• [Material to process]
-------------------------
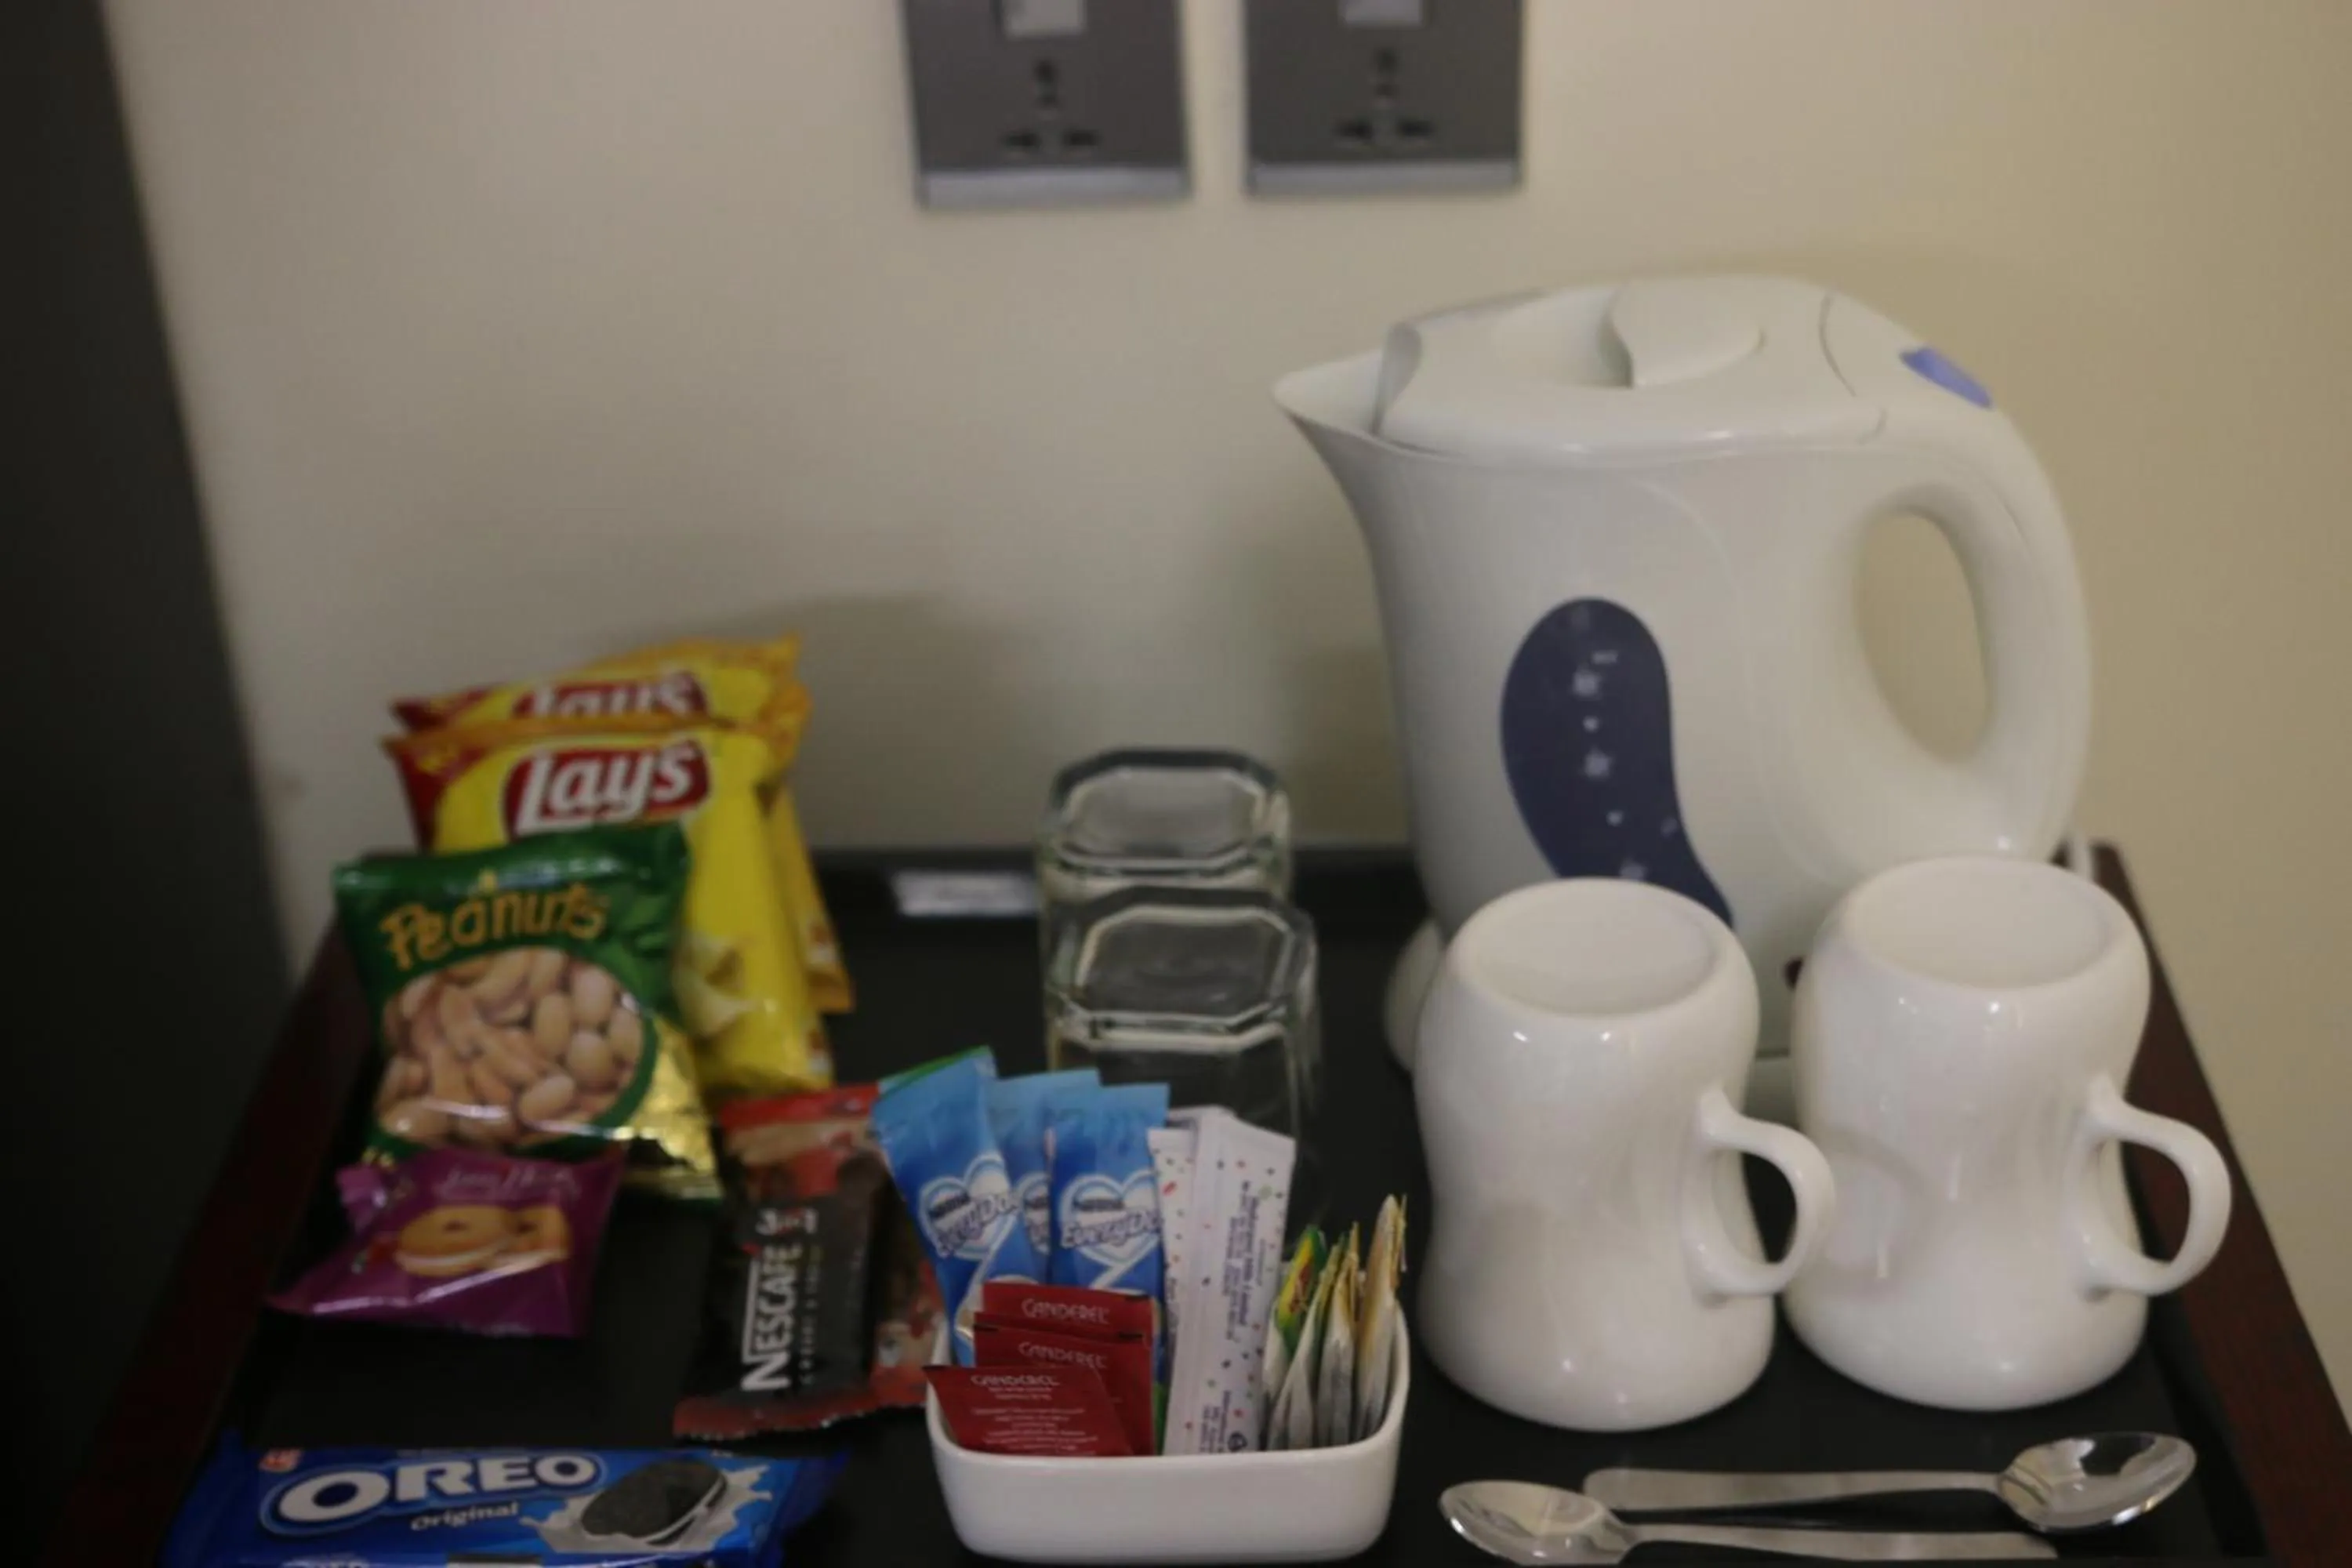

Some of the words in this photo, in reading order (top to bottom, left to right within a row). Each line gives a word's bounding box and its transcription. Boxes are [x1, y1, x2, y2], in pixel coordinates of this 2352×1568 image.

[378, 883, 608, 971] Peanuts
[1021, 1298, 1110, 1324] CANDEREL
[1018, 1341, 1107, 1369] CANDEREL
[274, 1454, 597, 1523] OREO
[411, 1501, 520, 1531] Original
-------------------------
All of the records above are to be copied exactly, minus the pictures.

• [Result below]
Some of the words in this photo, in reading order (top to bottom, left to right within a row). Each line gives a word's bounding box and its transcription. Boxes are [x1, y1, x2, y2], in pixel coordinates of this 2352×1568 image.

[378, 883, 608, 971] Peanuts
[1021, 1298, 1110, 1324] CANDEREL
[1018, 1341, 1107, 1369] CANDEREL
[274, 1454, 597, 1523] OREO
[411, 1501, 520, 1531] Original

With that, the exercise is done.